Technically, BIDU stock range has tightened to the point that makes a big move highly likely. I consider it energy building up that needs to resolve itself in a big way. So a sizeable move is definitely coming and today I want to share a setup that could capture it for no out-of-pocket risk.
Early March, I shared a similar set up to go long BIDU for free and the trade paid quickly and without much uncertainty. So today, with profits in hand, I want to repeat performance on a longer timeframe. The idea is to again sell risk below proven long-term support levels and use the proceeds to invest in a spread that would capture any upside move in BIDU through May.
The Bet: Buy BIDU May $180/$185 debit call spread for $2 per contract. This is a bullish trade that needs the stock to rally past my spread, so I can have a chance at a double. I chose to stay close to current price so I only have to guess direction not size of move. To lower my out-of-pocket expense, I will sell risk below proven support to generate income.

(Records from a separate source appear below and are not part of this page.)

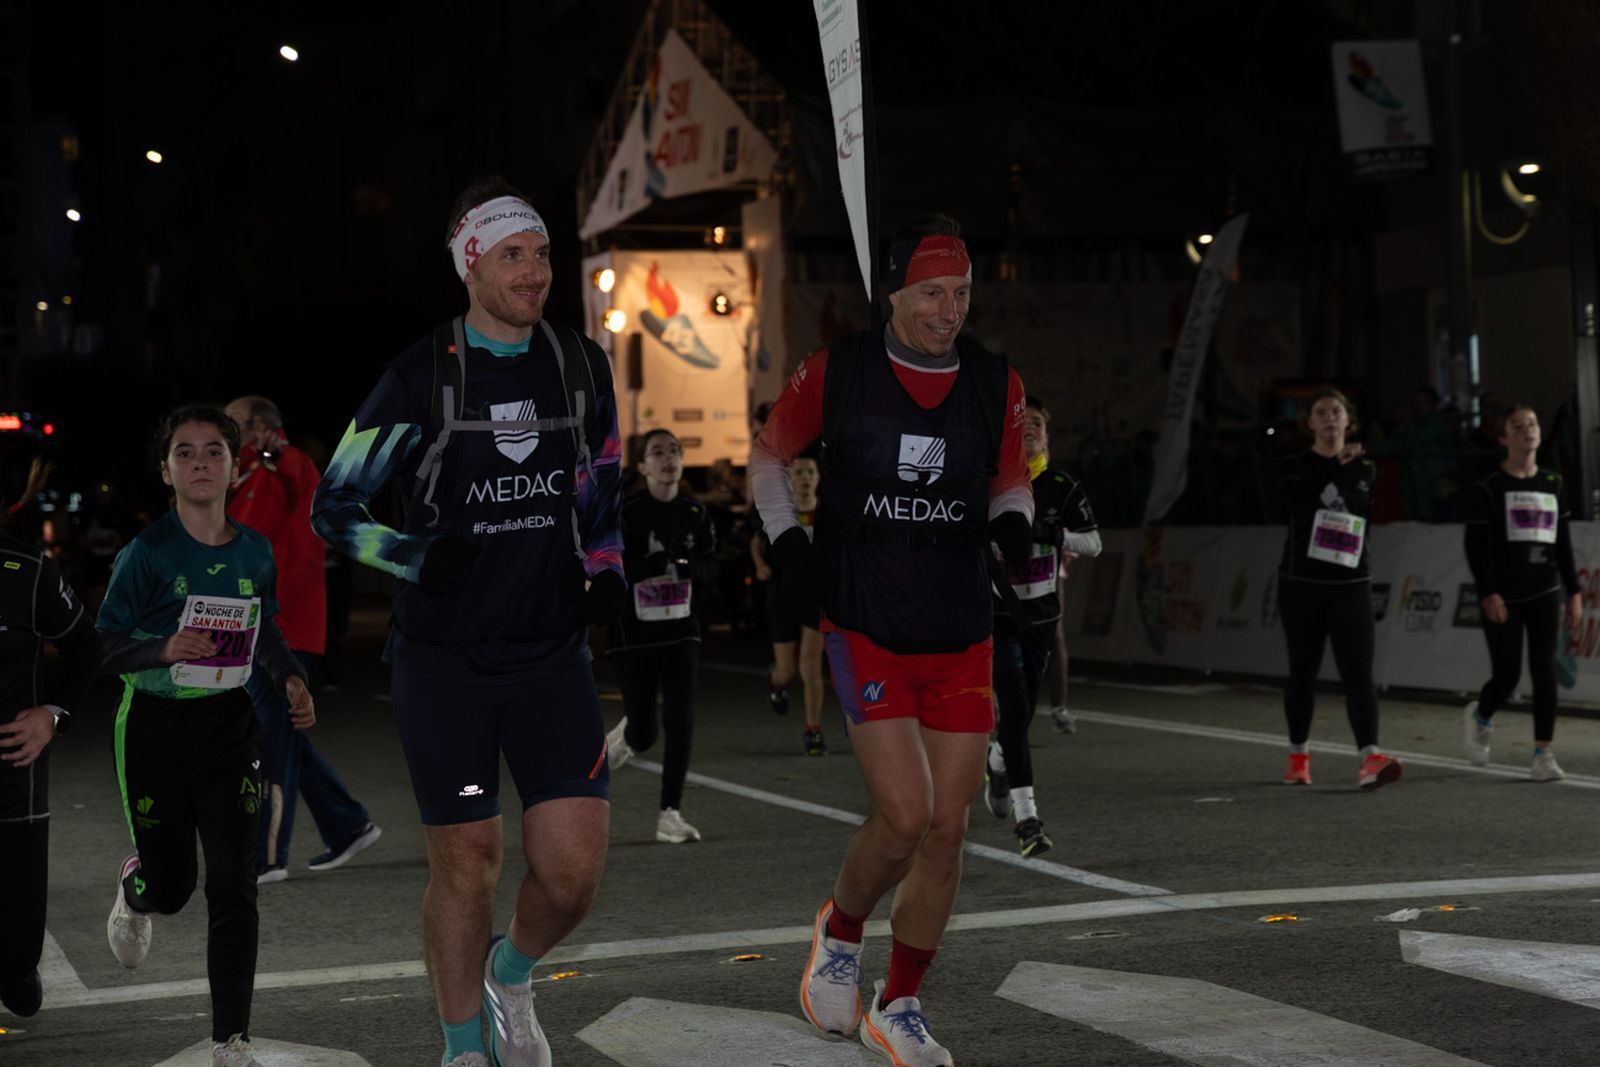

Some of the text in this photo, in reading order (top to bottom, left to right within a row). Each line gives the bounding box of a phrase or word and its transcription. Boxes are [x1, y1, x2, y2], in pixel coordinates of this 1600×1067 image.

[465, 469, 565, 504] MEDAC
[863, 492, 967, 523] MEDAC
[472, 514, 557, 535] #FamiliaMEDA
[191, 616, 212, 627] SAN
[204, 607, 233, 618] NOCHE
[233, 609, 245, 619] DE

The Bank: Sell BIDU Sept $145 put and collect $2.50 to open. This is a bullish trade with a 90% theoretical chance of success. If BIDU falls below my strike, however, I am committed to owning it. Anything below $142.50 per share would accrue losses for me.

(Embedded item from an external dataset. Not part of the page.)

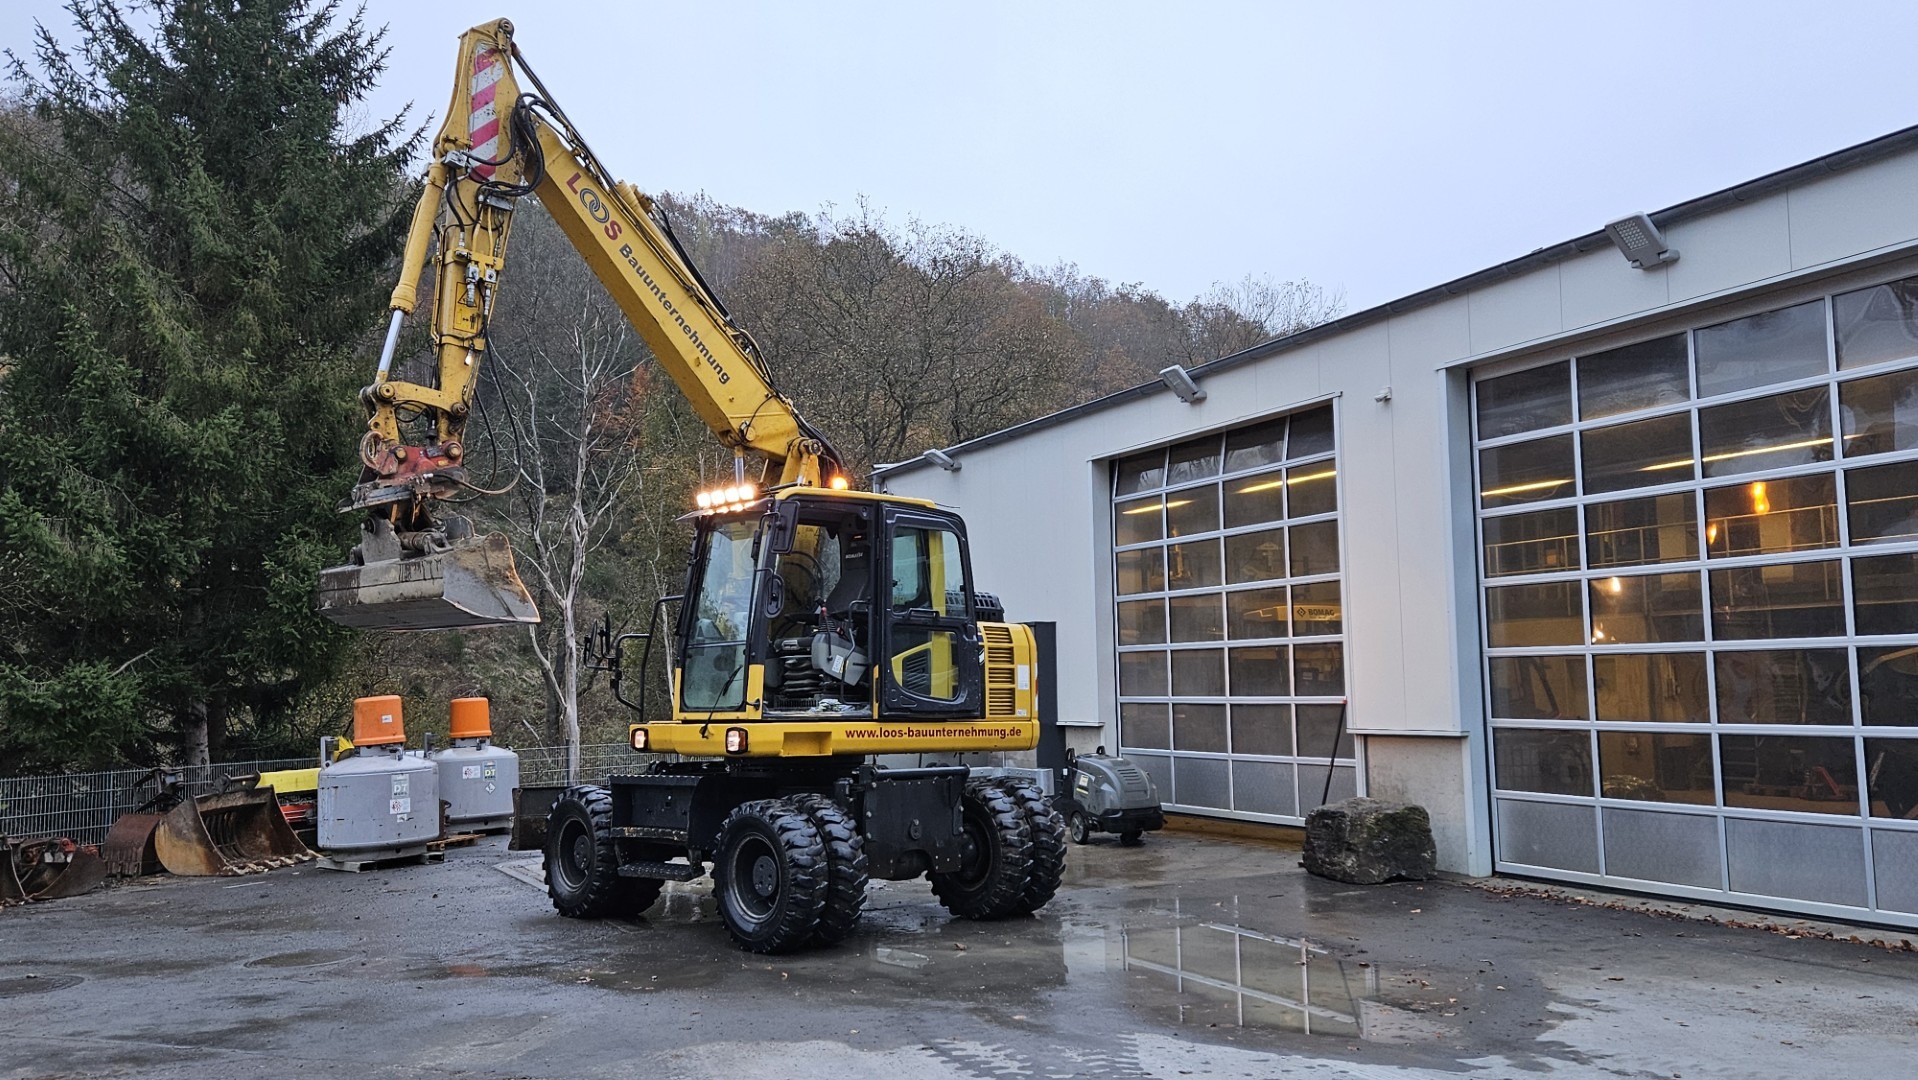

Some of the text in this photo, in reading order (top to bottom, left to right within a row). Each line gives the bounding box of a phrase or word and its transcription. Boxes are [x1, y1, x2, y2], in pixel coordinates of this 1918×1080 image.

[566, 172, 730, 385] LOOS Bauunternehmung
[845, 726, 1022, 739] www.loos-bauunternehmung.de

By taking both trades I would be getting paid to be long BIDU. As long as it doesn't fall below $145 by mid-September, any premium I recover from selling the debit calls would be pure profit.
Selling naked options is risky so to make it milder I can change the bank trade to be a credit put spread instead.
The Alternate Bank: Sell the BIDU stock Sept $145/$140 credit put spread which also has a 90% theoretical chance of success to yield 12% on risk. The sold spread offers the certainty of finite risk versus that of open ended risk by selling the naked puts.
Either case, I am leveraging what has been support to capture upside potential.
Learn options as easy as 1-2-3 in a personal 1on1 webinar here . Nicolas Chahine is the managing director of SellSpreads.com . As of this writing, he did not hold a position in any of the aforementioned securities. You can follow him on Twitter at @racernic and stocktwits at @racernic .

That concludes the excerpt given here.